Penilaian Sumatif hanya berlaku bagi peserta didik yang berada di jenjang pendidikan dasar dan menenagah.

Pasal 9 

  1. Penilaian hasil belajar Peserta Didik dengan prosedur sebagaimana dimaksud dalam Pasal 3 sampai dengan Pasal 8 berbentuk: (a) Penilaian formatif; dan (b) Penilaian sumatif.
  2. Penilaian formatif sebagaimana dimaksud pada ayat (1) huruf a dilaksanakan pada pendidikan anak usia dini, jenjang pendidikan dasar, dan jenjang pendidikan menengah.
  3. Penilaian sumatif sebagaimana dimaksud pada ayat (1) huruf b dilaksanakan pada jenjang pendidikan dasar dan jenjang pendidikan menengah.
  4. Penilaian formatif sebagaimana dimaksud pada ayat (1) huruf a bertujuan untuk memantau dan memperbaiki proses pembelajaran serta mengevaluasi pencapaian tujuan pembelajaran.
  5. Penilaian formatif sebagaimana dimaksud pada ayat (4) dilakukan dengan mengumpulkan informasi mengenai: (a) Peserta Didik yang mengalami hambatan atau kesulitan belajar; dan (b) perkembangan belajar Peserta Didik.
  6. Informasi sebagaimana dimaksud pada ayat (5) digunakan sebagai umpan balik bagi: (a) Peserta Didik untuk mengembangkan kemampuan dalam memonitor proses dan kemajuan belajar sebagai bagian dari keterampilan belajar sepanjang hayat; dan (b) Pendidik untuk merefleksikan dan meningkatkan efektivitas pembelajaran.
  7. Penilaian sumatif pada jenjang pendidikan dasar dan jenjang pendidikan menengah sebagaimana dimaksud pada ayat (3) bertujuan untuk menilai pencapaian hasil belajar Peserta Didik sebagai dasar penentuan: (a) kenaikan kelas; dan (b) kelulusan dari Satuan Pendidikan.
  8. Penilaian pencapaian hasil belajar Peserta Didik sebagaimana dimaksud pada ayat (7) dilakukan dengan membandingkan pencapaian hasil belajar Peserta Didik dengan kriteria ketercapaian tujuan pembelajaran. 

Catatan:

Penting untuk diperhatikan bahwa pendidik tidak mencampur penghitungan dari hasil asesmen formatif dan sumatif karena asesmen formatif dan sumatif memiliki fungsi yang berbeda. Asesmen formatif bertujuan untuk memberikan umpan balik pada proses sehingga asesmen formatif bukan menjadi penentu atau pembagi untuk nilai akhir

Dalam mengolah dan menentukan hasil akhir asesmen sumatif, pendidik perlu membagi asesmennya ke dalam beberapa kegiatan asesmen sumatif agar peserta didik dapat menyelesaikan asesmen sumatifnya dalam kondisi yang optimal (tidak terburu-buru atau tidak terlalu padat). Untuk situasi ini, nilai akhir merupakan gabungan dari beberapa kegiatan asesmen tersebut.
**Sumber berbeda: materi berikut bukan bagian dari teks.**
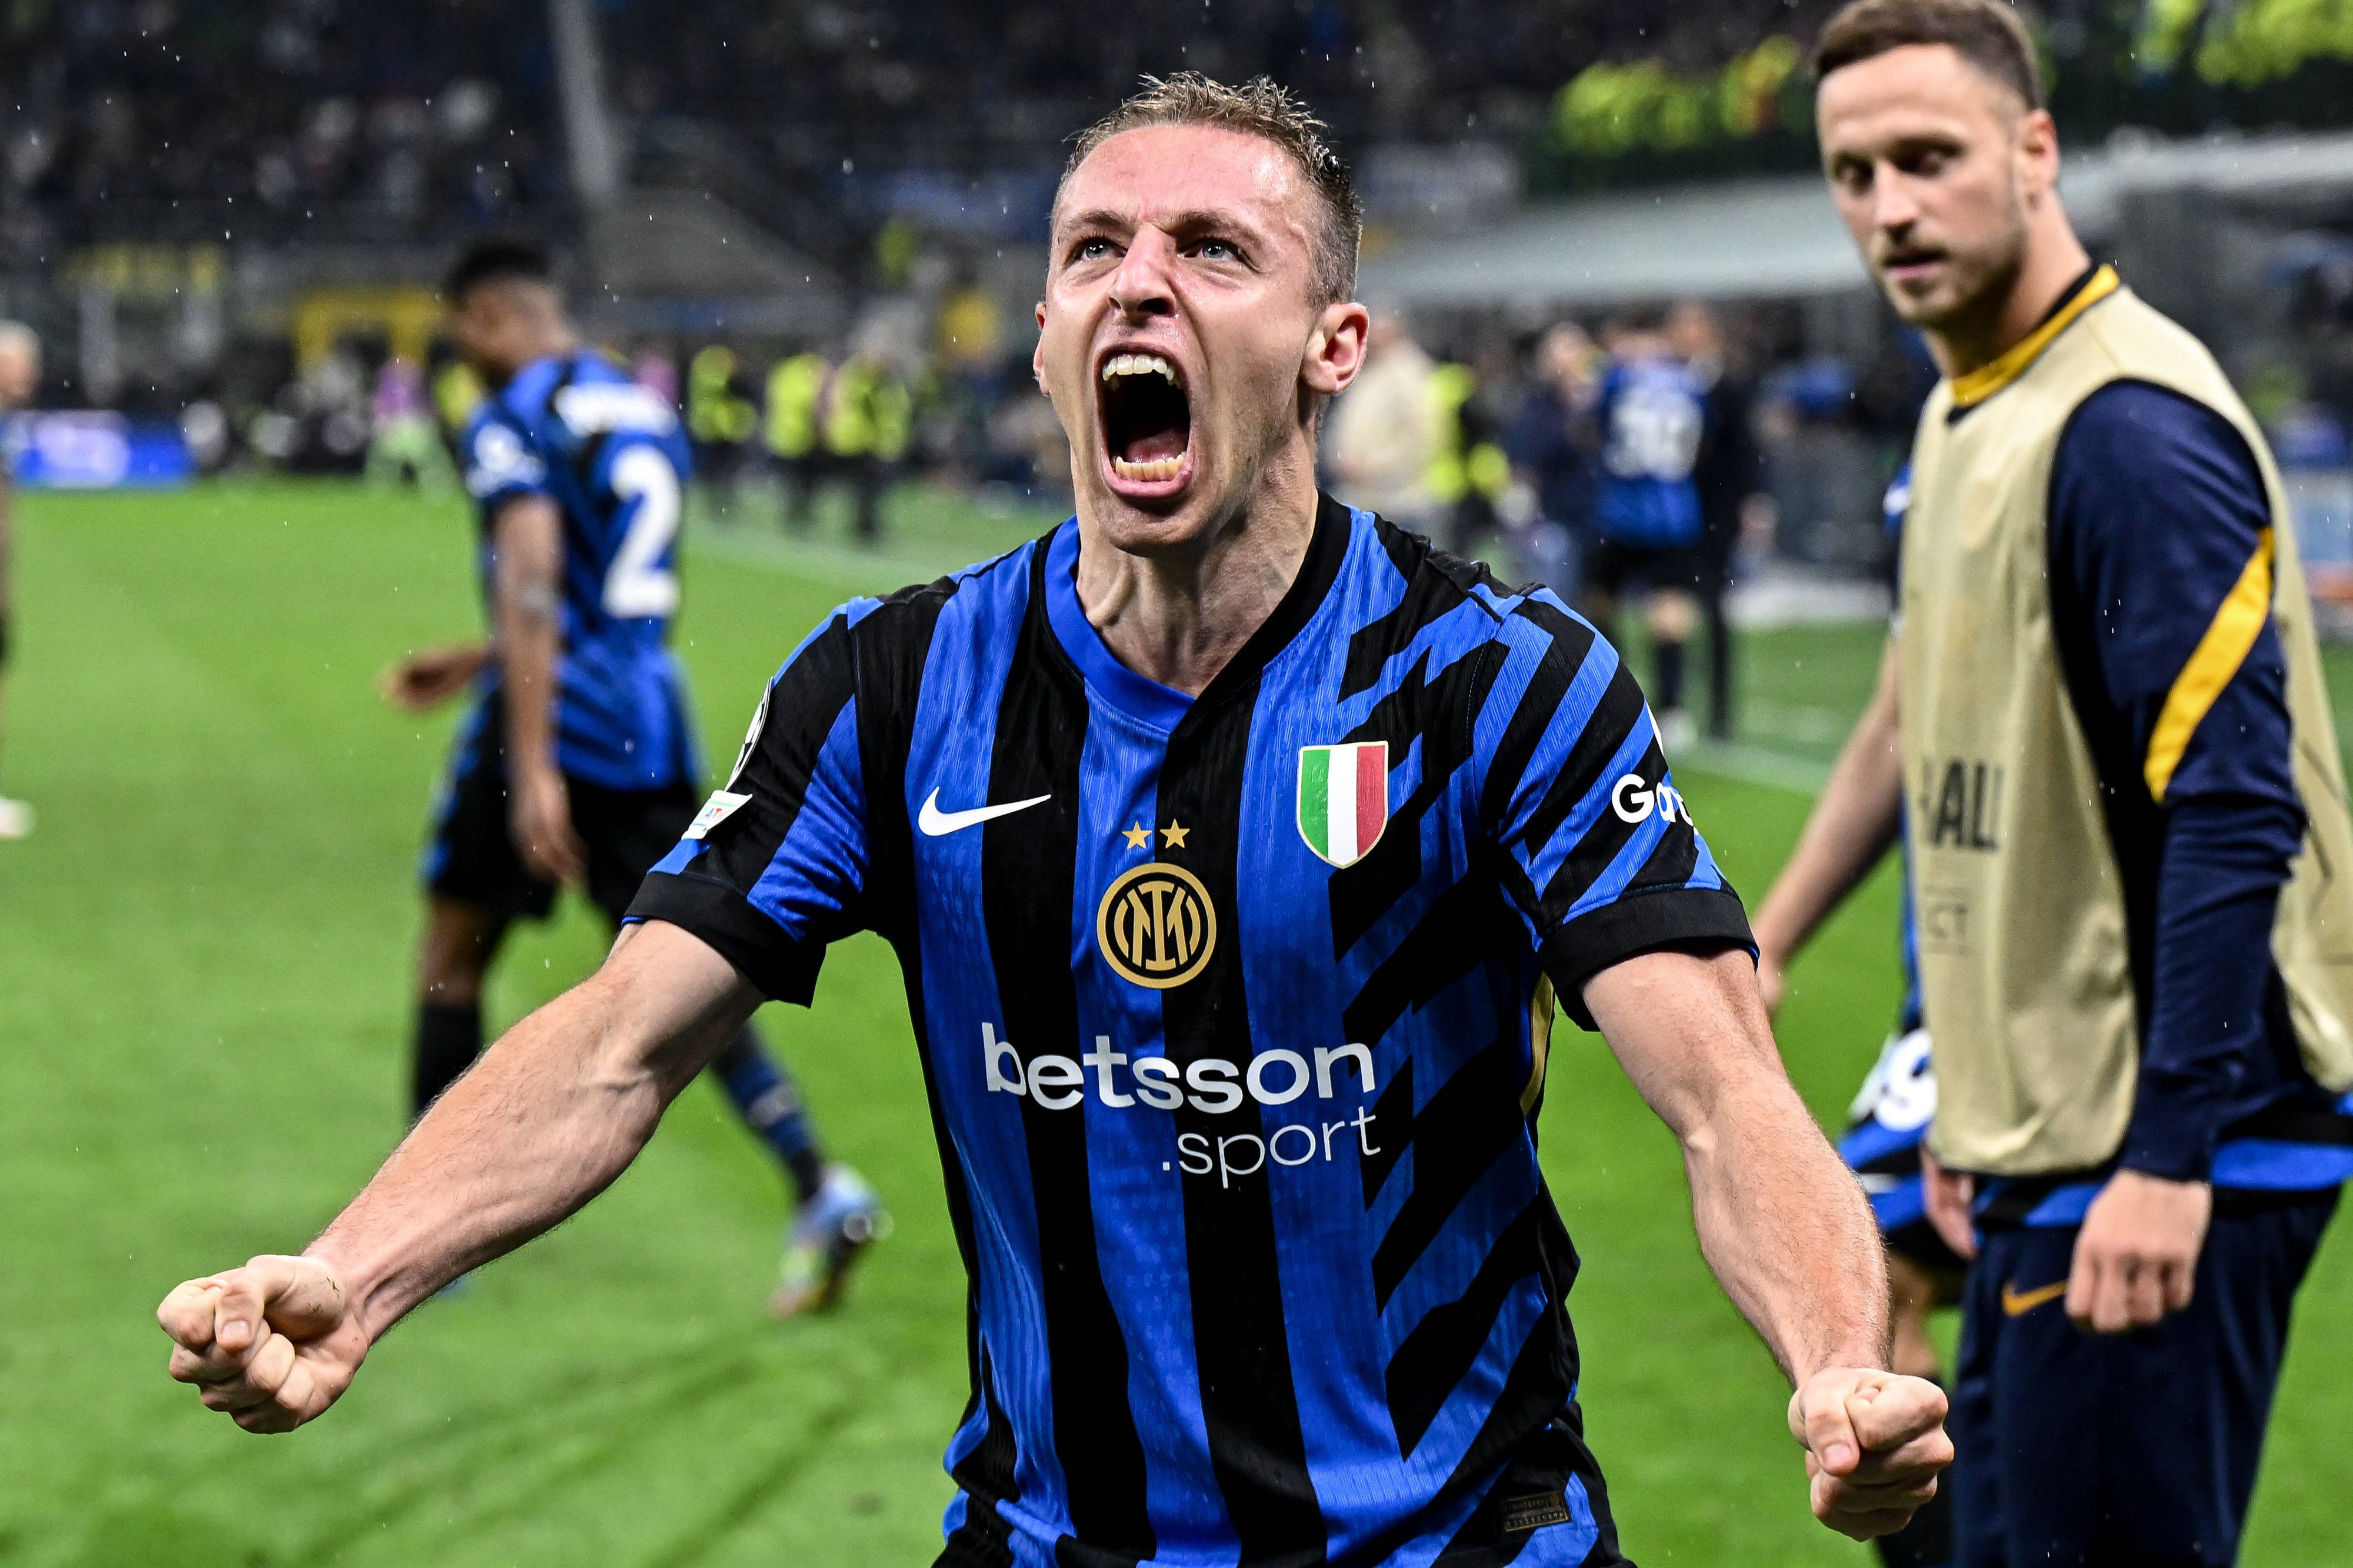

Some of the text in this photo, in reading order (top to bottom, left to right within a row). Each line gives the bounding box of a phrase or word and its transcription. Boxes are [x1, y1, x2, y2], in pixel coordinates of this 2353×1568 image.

[601, 442, 682, 620] 2
[981, 1022, 1376, 1114] betsson
[1162, 1106, 1381, 1189] .sport
Istilah yang digunakan untuk proses pembalajaran yang berlangsung selama satu tahun adalah tahun ajaran.

Pasal 10 

  1. Penentuan kenaikan kelas sebagaimana dimaksud dalam Pasal 9 ayat (7) huruf a dilakukan dengan mempertimbangkan laporan kemajuan belajar yang mencerminkan pencapaian Peserta Didik pada semua mata pelajaran dan ekstrakurikuler serta prestasi lain selama 1 (satu) tahun ajaran.
  2. Penentuan kelulusan dari Satuan Pendidikan sebagaimana dimaksud dalam Pasal 9 ayat (7) huruf b dilakukan dengan mempertimbangkan laporan kemajuan belajar yang mencerminkan pencapaian Peserta Didik pada semua mata pelajaran dan ekstrakurikuler serta prestasi lain pada: (a) kelas V dan kelas VI untuk sekolah dasar atau bentuk lain yang sederajat; dan (b) setiap tingkatan kelas untuk sekolah menengah pertama atau bentuk lain yang sederajat dan sekolah menengah atas atau bentuk lain yang sederajat.
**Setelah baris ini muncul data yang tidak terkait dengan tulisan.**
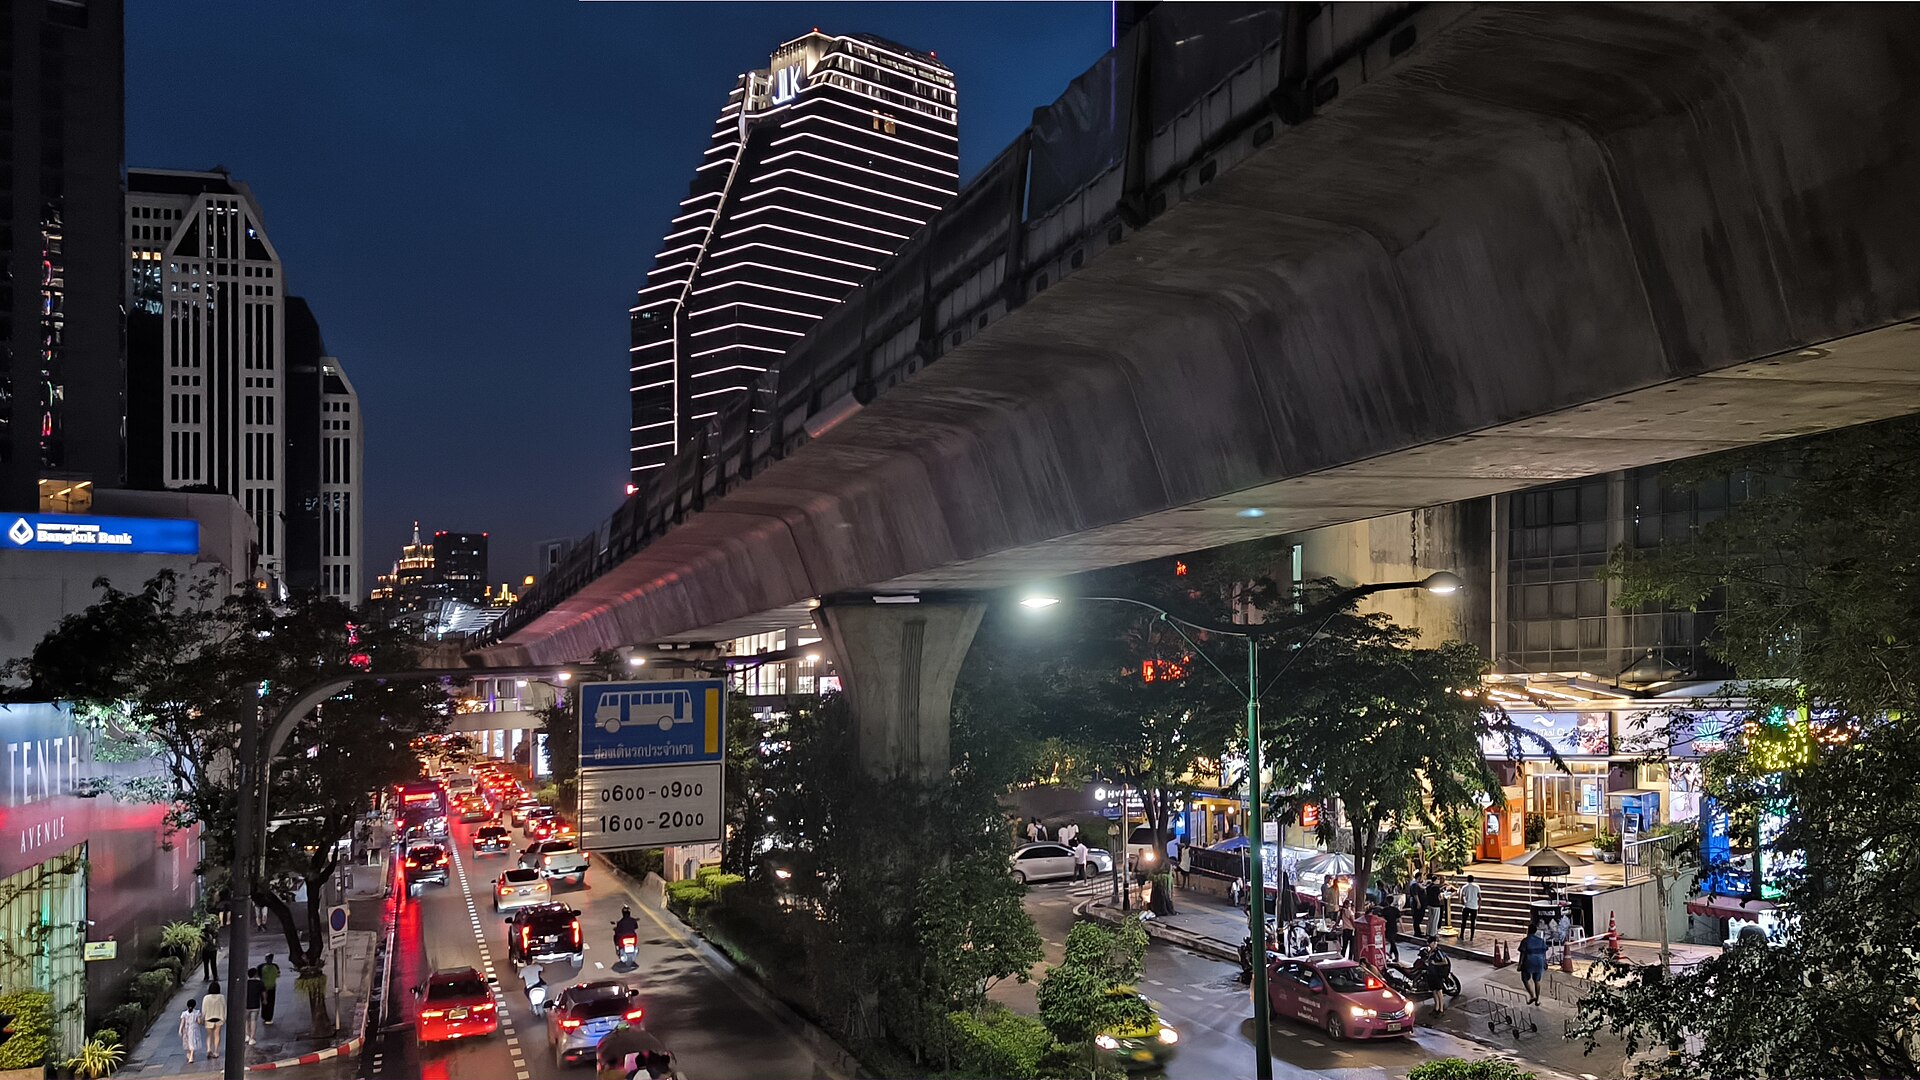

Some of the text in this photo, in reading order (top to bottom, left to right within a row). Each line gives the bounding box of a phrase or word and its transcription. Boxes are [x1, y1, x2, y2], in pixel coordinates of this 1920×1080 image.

[37, 530, 133, 545] Bangkok Bank
[7, 735, 79, 808] TENTH
[20, 816, 65, 854] AVENUE
Yang menetapkan mekanisme penentuan kenaikan kelas dan kelulusan peserta didik adalah satuan pendidikan (sekolah).

Pasal 11 

Satuan Pendidikan menetapkan mekanisme penentuan kenaikan kelas dan kelulusan dari Satuan Pendidikan berdasarkan pedoman yang ditetapkan oleh kepala unit utama yang membidangi kurikulum dan asesmen. 

Catatan:

Berdasarkan Panduan Pembelajaran dan Asesmen Kurikulum Merdeka, beberapa hal berikut penting untuk diperhatikan terkait mekanisme penentuan kenaikan kelas.

Satuan pendidikan memiliki keleluasaan untuk menentukan kriteria kenaikan kelas. Penentuan kenaikan kelas  dilakukan dengan mempertimbangkan laporan kemajuan belajar yang mencerminkan pencapaian peserta didik pada semua mata pelajaran dan ekstrakurikuler serta prestasi lain selama 1 (satu) tahun ajaran.

Untuk menilai pencapaian hasil belajar peserta didik sebagai dasar penentuan kenaikan kelas dapat berdasarkan penilaian sumatif. Penilaian pencapaian hasil belajar peserta didik untuk kenaikan kelas dilakukan dengan membandingkan pencapaian hasil belajar peserta didik dengan kriteria ketercapaian tujuan pembelajaran. 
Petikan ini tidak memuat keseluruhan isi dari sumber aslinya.